Blacks are not free. The black liberation movement is thus a continuum of struggles, where each discrete movements sets the stage and makes possible the next round in the liberation movement. Accordingly, the defeat of slavery was a prerequisite for the battle against Jim Crow Racism, while the legal battles of the thirties and forties made possible the Civil Rights Movement of the fifties and sixties; and these struggles set the stage for the battle against neoliberal capitalism, structural racism and thick injustice. In this blog, I use a theoretical framework based on three interactive concepts: freedom, black positionality in the economy, and black underdevelopment. The thesis is that black subordination in the American hierarchy is based on the interplay of their three factors, operating within the context of structural racism and thick injustice.
Freedom
Freedom is one of those shadowy terms that needs to be carefully defined. In a 2005 report to the U.N., Kofi Annan, then Secretary- General, conceptualized the goals of the Millennium Declaration as the larger freedom; a concept that included food security, social justice, education, work, social well-being, and life without fear or want. Annan’s use of the phrase—in larger freedom—suggest that freedom is a duality composed of two dimensions—smaller and larger freedoms. I argue that the smaller freedom refers to political and democratic rights, including free speech, spatial mobility, gender equality, Gay Rights, and equal treatment under the law, including the right to vote.
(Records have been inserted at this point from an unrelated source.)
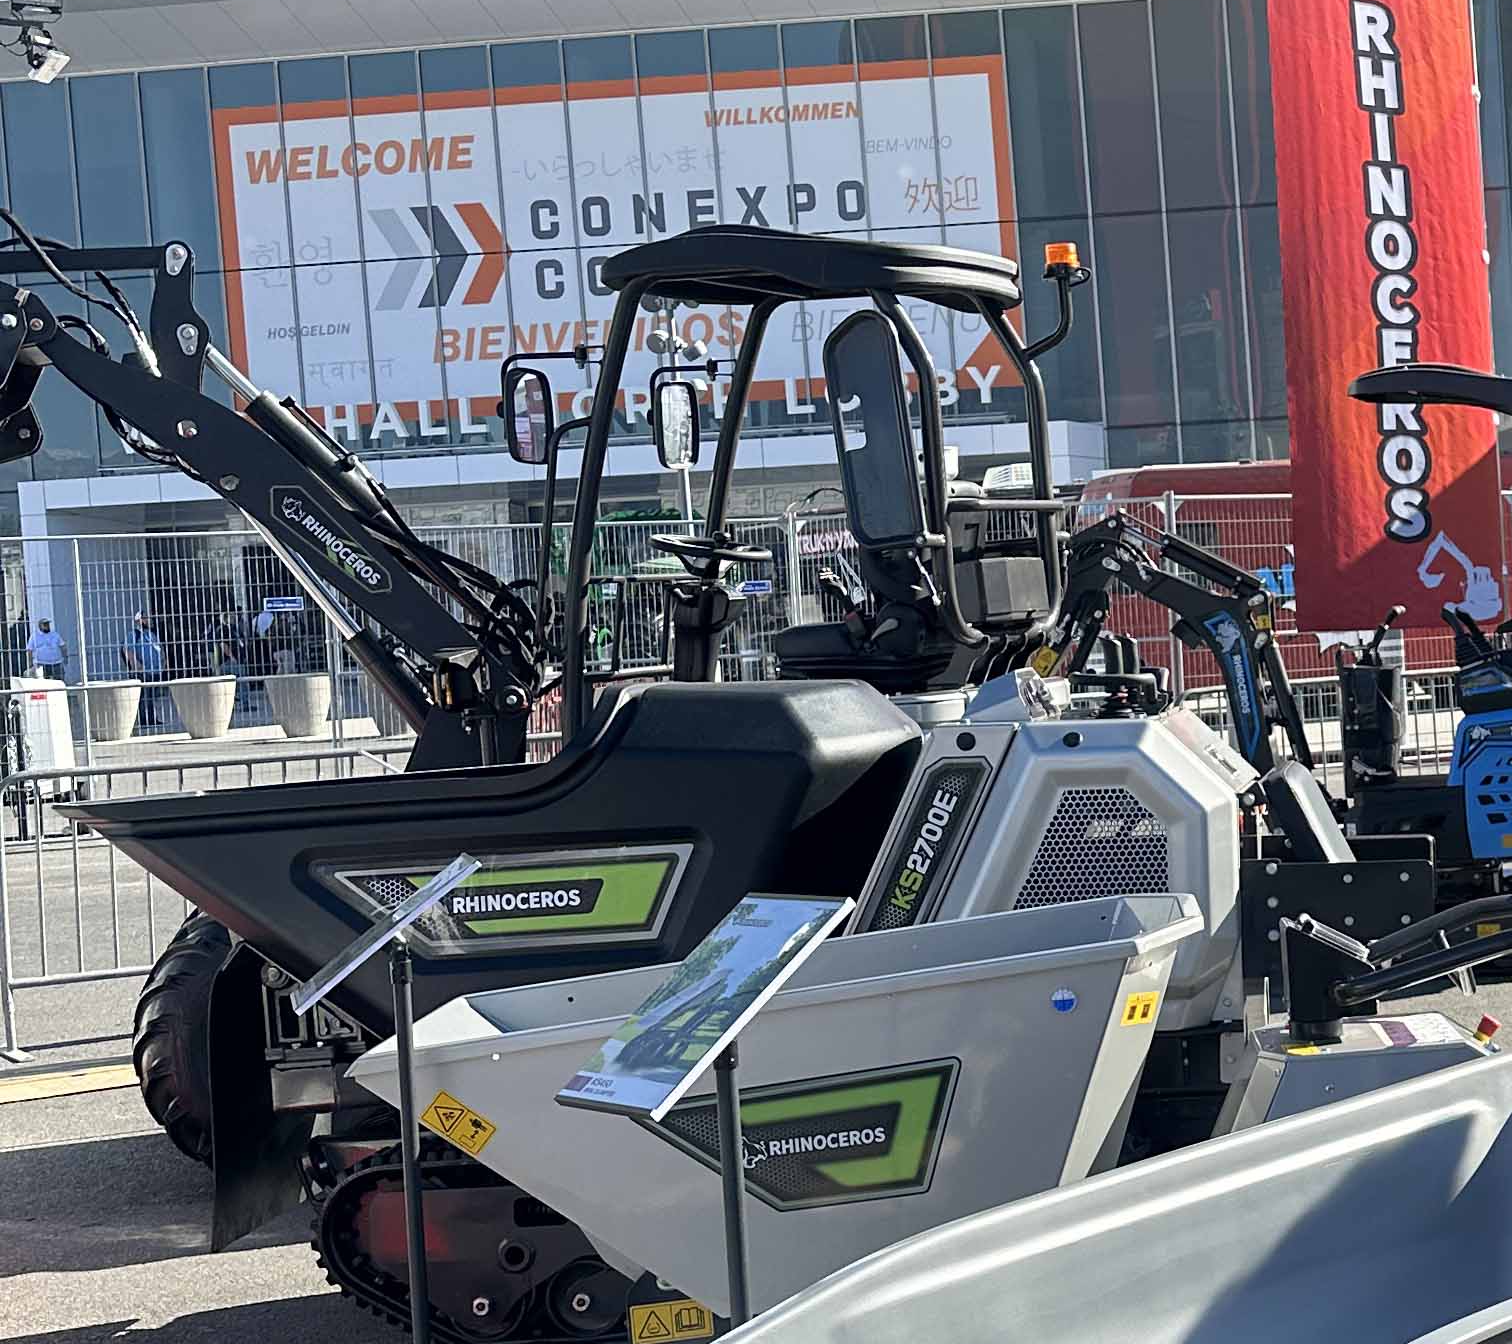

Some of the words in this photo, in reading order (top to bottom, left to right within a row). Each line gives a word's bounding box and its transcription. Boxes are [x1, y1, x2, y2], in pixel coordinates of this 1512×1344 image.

[704, 101, 863, 128] WILLKOMMEN
[245, 135, 475, 185] WELCOME
[864, 136, 952, 154] BEM-VINDO
[530, 179, 867, 240] CONEXPO
[903, 175, 982, 214] 欢迎
[1353, 2, 1430, 540] RHINOCEROS
[324, 397, 488, 441] HALL
[300, 513, 382, 586] RHINOCEROS
[1232, 654, 1251, 715] RHINOCEROS
[889, 789, 959, 911] KS2700E
[452, 887, 581, 915] RHINOCEROS
[768, 1125, 886, 1157] RHINOCEROS
The larger freedom refers to the right to a living wage; good, affordable housing; quality education; food security; social security, physical, social and mental well-being, and the right to live in a healthy neighborhood without fear of crime and violence. These two dimensions of freedom are interactive, with the smaller freedom being a requisite for obtaining the larger freedom, although securement of the smaller freedom does not automatically mean people will obtain their larger freedom. Only when a people possess both the smaller and larger freedoms are they truly free or liberated.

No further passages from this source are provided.